Post-menopausal women who use female hormone supplements containing estrogen and progestin ("combination" therapy) are at an increased risk for estrogen receptor positive breast cancer, says a new study.
The study found that the overall increase in risk was 50 percent, with greater increases for recent and long-term users.
Prior epidemiologic studies have been based largely in white women, which stated, use of combination therapy was associated with an increased risk of estrogen receptor positive breast cancer, the most commonly occurring breast cancer subtype, which is known to be sensitive to hormonal factors.
Whether postmenopausal female hormone therapy has the same effects in black women has been unknown up to this point.
Researchers from the Boston University in the US led an investigation of this association in data from the four large studies of black women.
Two types of postmenopausal female hormone use, combination therapy and use of estrogen alone were assessed in relation to risk of estrogen receptor positive and negative breast cancer.
Similar to findings in white women, use of combination therapy was associated with increased risk of estrogen receptor positive breast cancer, with risk increasing as the duration increased.
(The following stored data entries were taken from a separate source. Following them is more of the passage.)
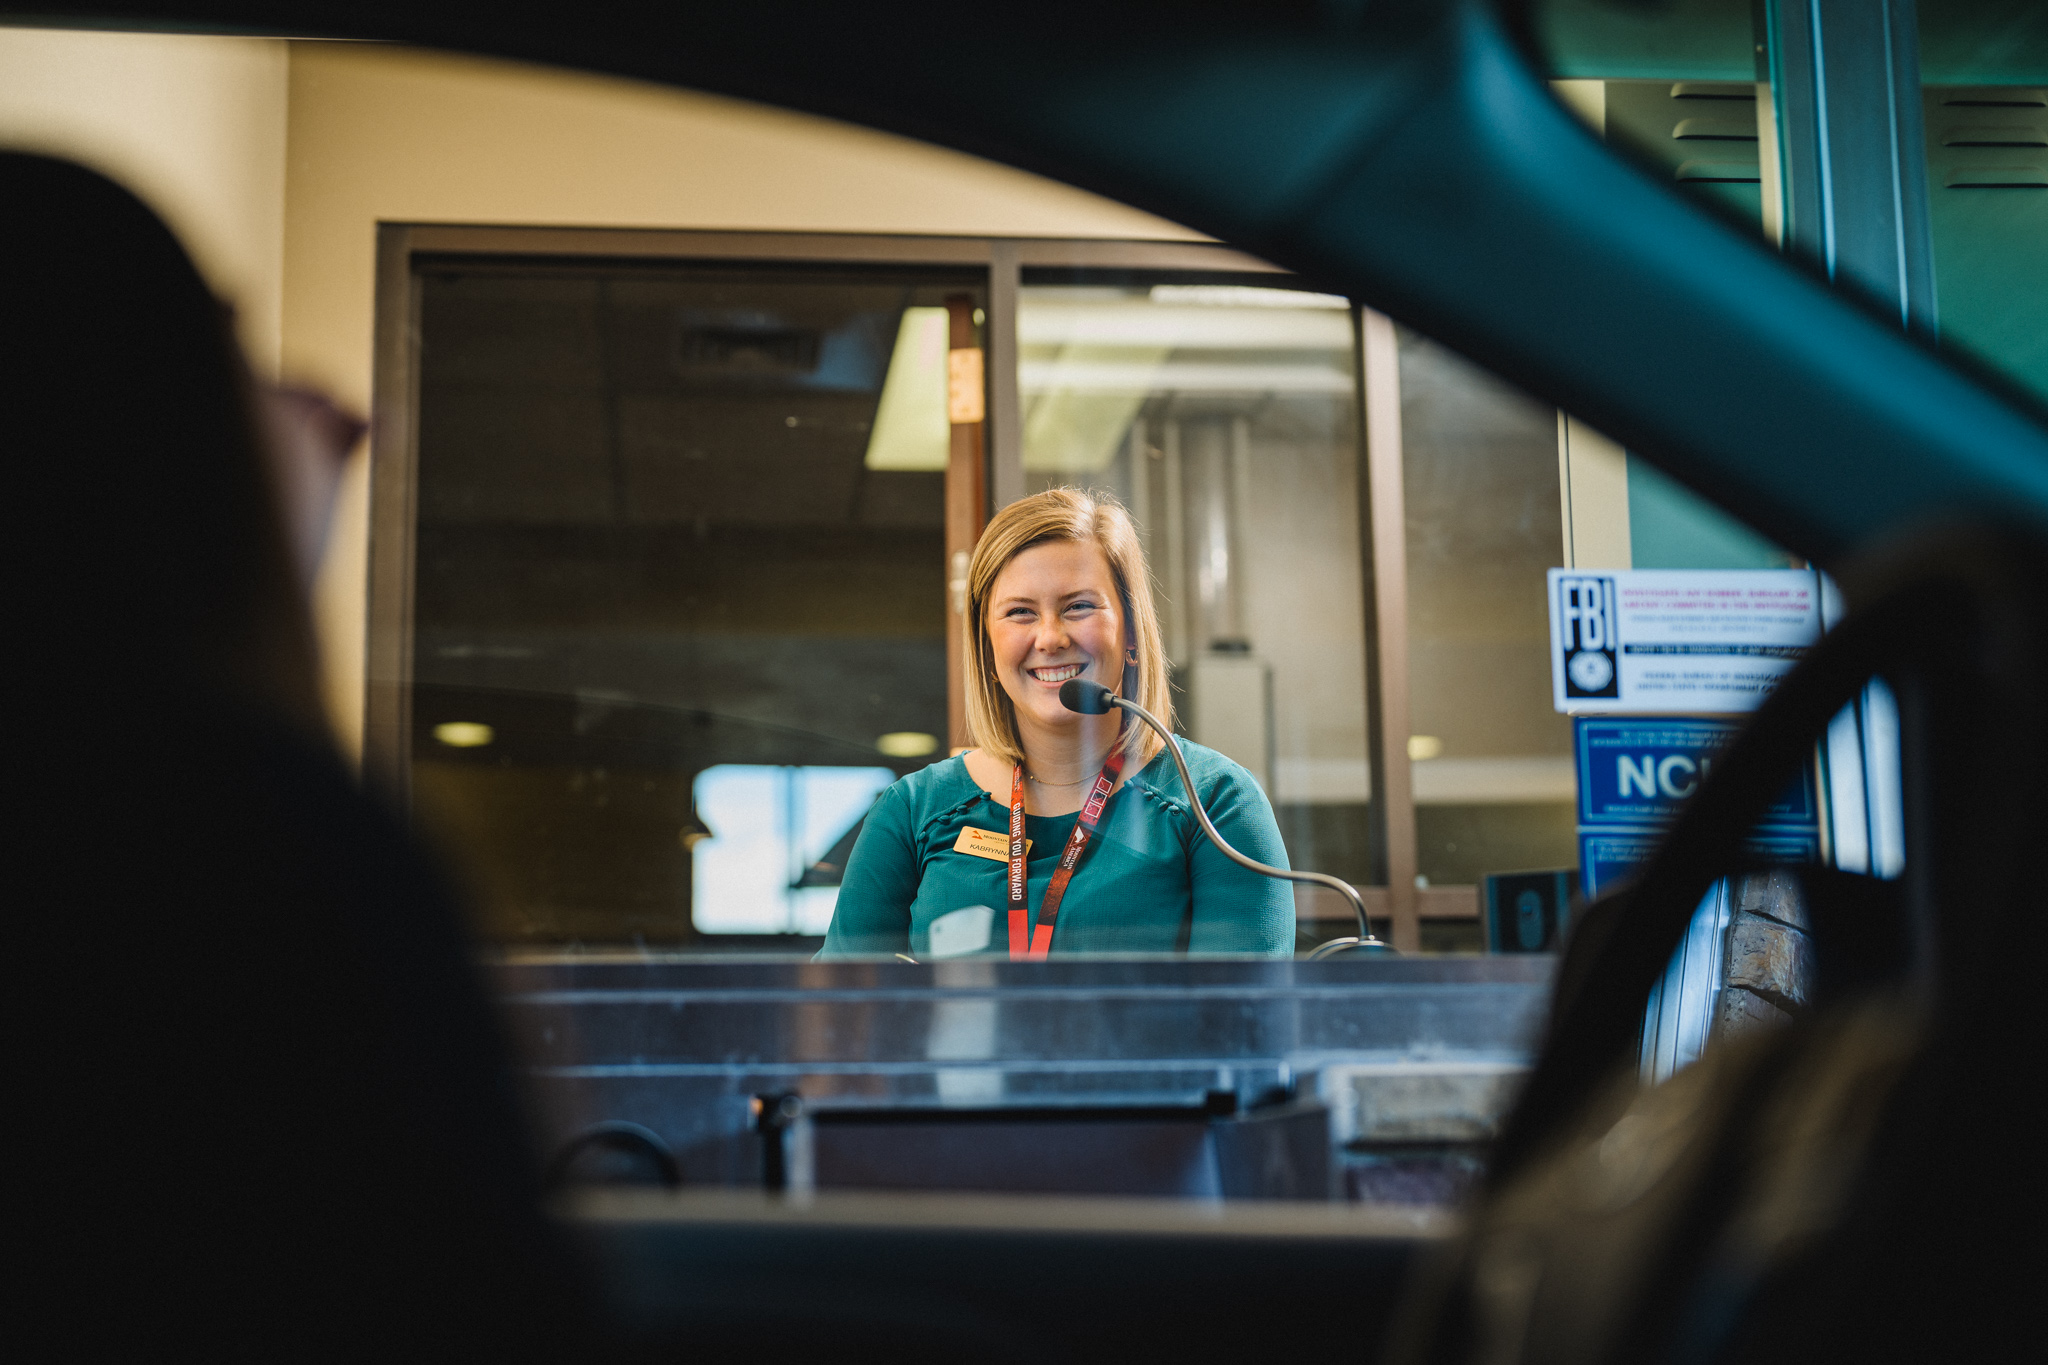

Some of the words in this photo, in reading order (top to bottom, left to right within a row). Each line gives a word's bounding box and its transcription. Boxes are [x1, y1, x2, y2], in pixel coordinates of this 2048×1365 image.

[1563, 578, 1615, 650] FBI
[1617, 754, 1711, 799] NC
[1012, 802, 1021, 837] GUIDING
[1011, 838, 1022, 856] YOU
[1011, 858, 1022, 900] FORWARD
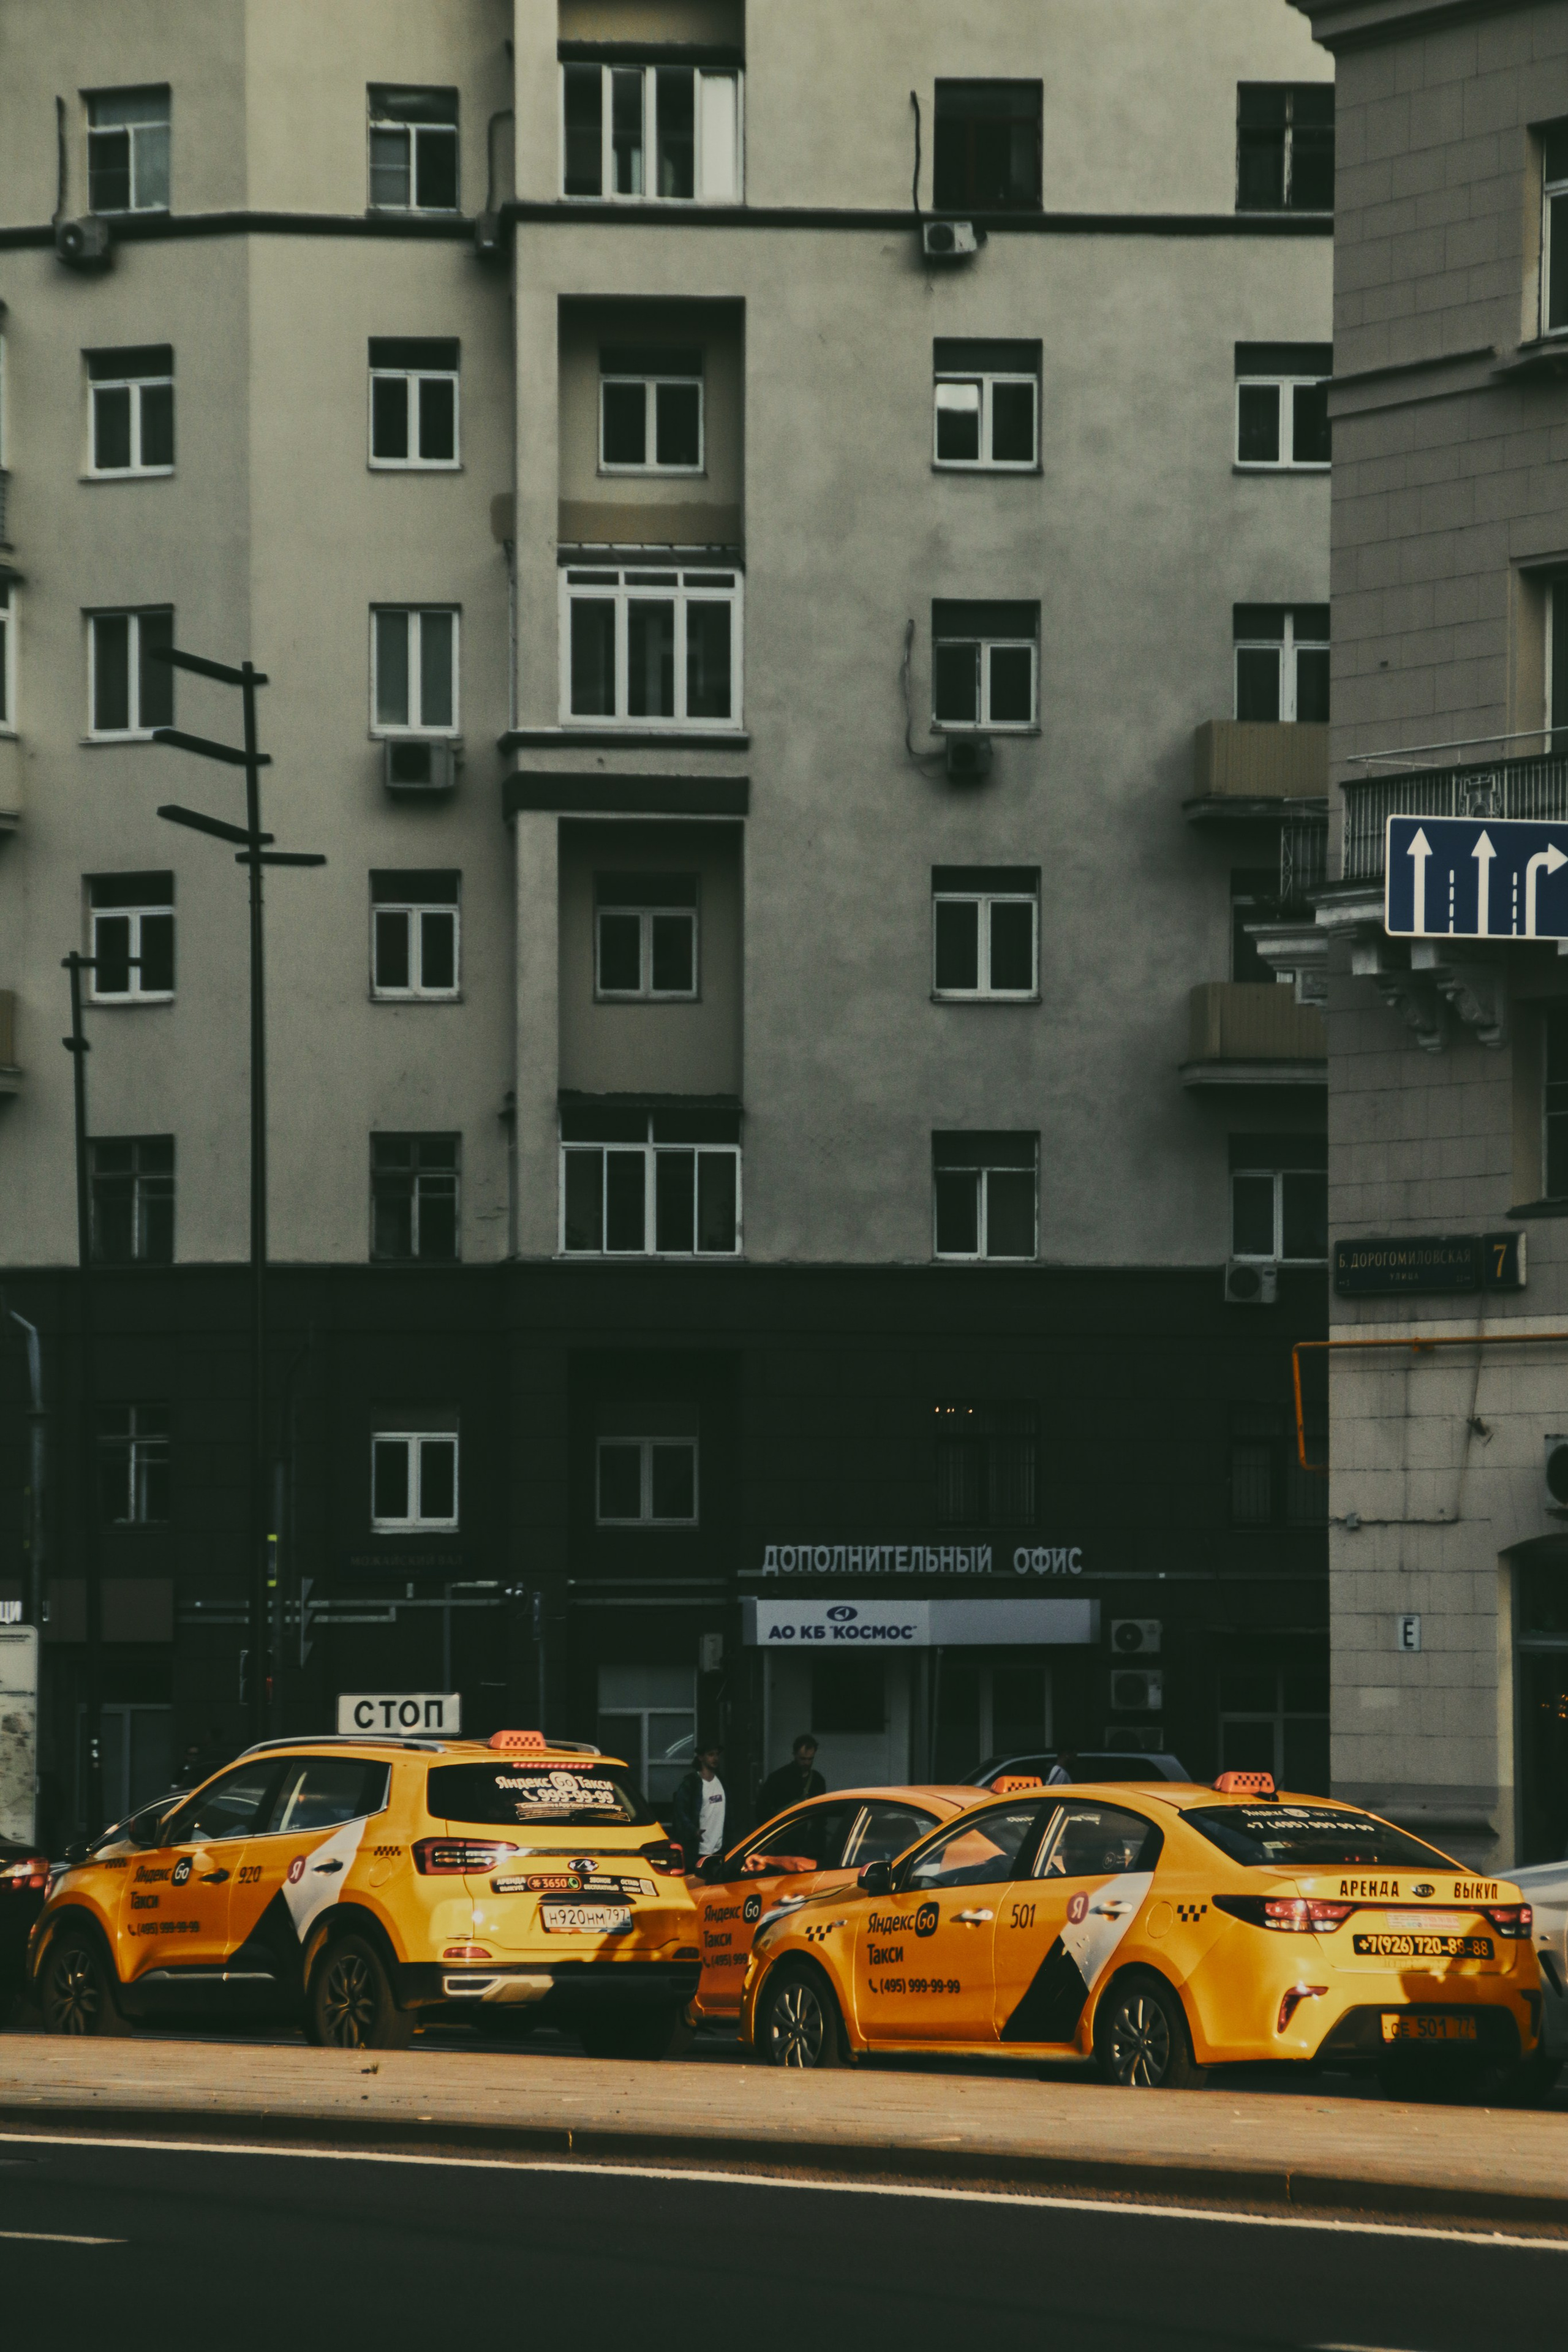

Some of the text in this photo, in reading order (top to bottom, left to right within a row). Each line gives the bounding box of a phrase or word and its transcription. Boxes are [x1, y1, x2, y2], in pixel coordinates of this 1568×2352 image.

"The present findings establish that combination therapy in black women is associated with increased risk of estrogen receptor positive breast cancer, similar to the pattern in white women," explained co-author Lynn Rosenberg from the Slone Epidemiology Centre in the US.
The risk declined after cessation of use but was still somewhat elevated up to 10 years later.
There was no increase in risk associated with use of estrogen alone, nor was there any increase in risk of estrogen receptor negative breast cancer associated with use of either combination therapy or estrogen alone.
The study appeared in the Journal of the National Cancer Institute.